AZ: I tell people that if they don’t come to our shows and buy our stuff, I’m never talking to them again. It’s an interesting way to keep friends.

How do you feel about file sharing? Is BETTY concerned with losing money from these ventures or is this free PR for independent artists who might otherwise not have any press?

EZ: It’s not the money so much as the fact that this is something that you made with your lifeblood. If someone’s gonna steal it, all I ask is that they spread the BETTY gospel.

AP: If I’m interested in an artist, I still want the entire expression of their idea from start to finish. I want the entire album, the art and all the words that flesh out what they are trying to communicate to me.

As veteran performers of stage and screen, who are some young performers that you are excited about and why?

EZ: Beyonce, Chicks on Speed, Pink, Alex Olson, and some girl I heard in the subway the other day.

AZ: I’m always excited about seeing young artists on stage who command the attention of the audience. I’ve enjoyed some great shows lately. Hmmm, let’s see, Holly Miranda and Natalia Zuckerman stick in my mind.

AP: The young artist I’m breathless about is Ruby Lucca Dangerfield Salvatore Palmer. I can’t WAIT to see what she’s going to do next!

Following the success of last year’s Off-Broadway sensation BETTY RULES, how have your goals as a band changed?

EZ: I would like to see BETTY RULES become a movie. I also want us to play on The L Word in the bar or café or something. I just want us to keep growing as artists. Otherwise what’s the fucking point?

AZ: My goal as a band member is to never again make fun of my theatre friends who complain about doing eight shows a week. It is the hardest thing a performer can do.

AP: It is the same goal —- to entertain an audience, have an incredible time doing it and get great freebies afterward from food to sex.

Has BETTY RULES changed your focus as musicians? Can we expect to hear another original album in the near future?

EZ: We already have a lot of material for a new CD. Look for it next year.


AP: We have two albums we want to put out — some killer songs we’ve been performing and a holiday CD. Lately I’ve been pushing for a kid’s album too.

Is there a future for BETTY RULES?

AZ: BETTY RULES is going to Chicago’s Lakeshore Theatre for a six week run starting May 6th. Yahoo!

AP: After, we’re hoping to tour in the US, and then hop abroad.

You have a long history of political activism as a band. What causes are you watching closely in this year’s election?

EZ: Pro-choice. If you’re not pro-choice get the fuck out of my life.

AZ: All of them. We are doing everything we can to change the “Administration” in November — or else we are doomed as a nation and world.

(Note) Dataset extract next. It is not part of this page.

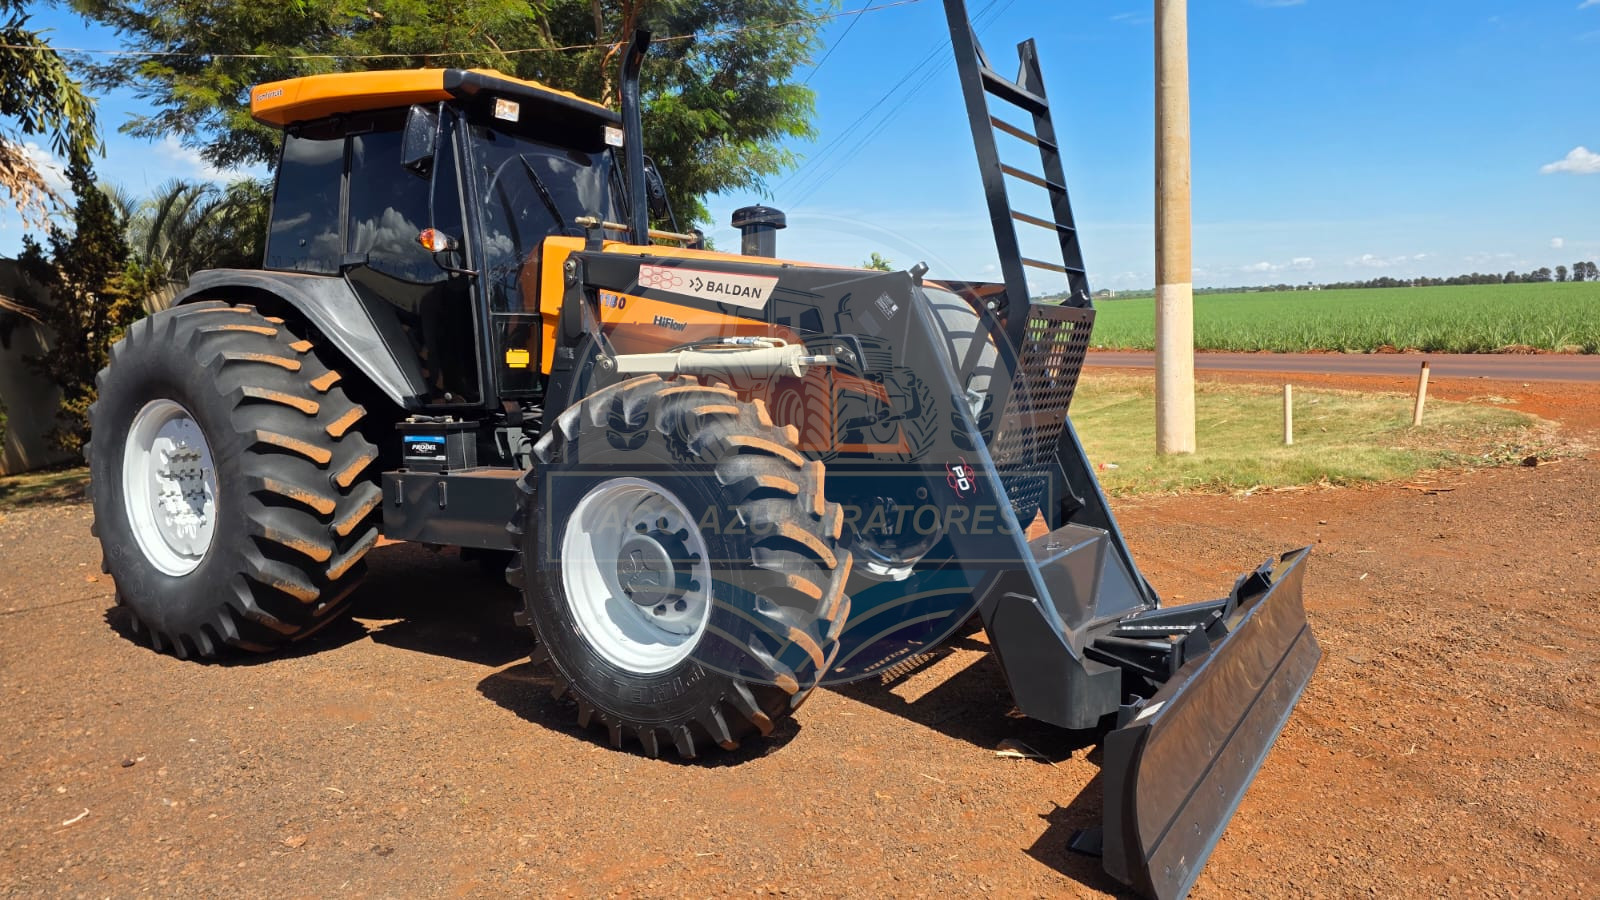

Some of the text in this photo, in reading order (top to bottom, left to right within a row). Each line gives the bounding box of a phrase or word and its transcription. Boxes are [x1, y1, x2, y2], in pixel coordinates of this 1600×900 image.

AP: Equal rights, health care, trade, the environment and education. Americans have the future of our nation in our hands right now. I pray on my knees, facing the rising sun and with all my heart — that the least selfish path will prevail.

Why is it so important for musicians to get involved and to be active in their community?

EZ: Because we’re artists and as artists we are supposed to be the conscience of the culture.

AZ: It is not important. It is imperative.

AP: Music can communicate in ways that speech cannot. Like Emma Goldman replied when someone said that her dancing was too frivolous for an anarchist, “If I cannot dance, I want no part of your revolution.”

How will BETTY be involved in this year’s election? Will you be performing at any major demonstrations?

EZ: As many as it takes to make sure Bush isn’t re-elected.

AZ: We are doing benefit performances of BETTY RULES in Chicago for organizations including Planned Parenthood, Voters for Choice, Equality Illinois, Lesbian Community Cancer Project, V-Day, and Democratic Candidates for House, Senate, and the White House.

AP: Yes. We will be turning up everywhere. We’ll be updating our website at hellobetty.com/concerts with our appearances.

What advice would you give to young women trying to break into the music industry?

EZ: Have rich parents and just keep doing it, if your blood burns for it.

AZ: Follow your dream — no matter what. And always cultivate a wide circle of rich friends and lovers.

AP: If it’s your passion, simply doing it will be success enough. If you never lose sight of that, you can have the confidence, inner happiness and huge fucking eggs it takes to keep going in such a difficult field. BETTY RULES at The Lakeshore Theatre, Chicago, Illinois Watch for BETTY in The L Word next season www.bettyrules.com

Ms. Fagnet: Poppi Kramer

Everything is fodder for comic Poppi Kramer’s standup routine —from her daily conversations with her mother to The View (her bucking chicken version of Star Jones is a must-see), to the change she drops on the floor during our interview. After going to grad school for acting, Kramer fell into doing standup after a lifetime of declaring that she’d never try it. On one fateful trip to New York, she met the owner of The Duplex and has been bartending and performing at the piano bar ever since. Kramer also performs around New York City at swanky midtown gay bars Therapy and Starlight and other gay hotspots elsewhere in the city. You can also see her in a small role in the film Dummy with Adrien Brody.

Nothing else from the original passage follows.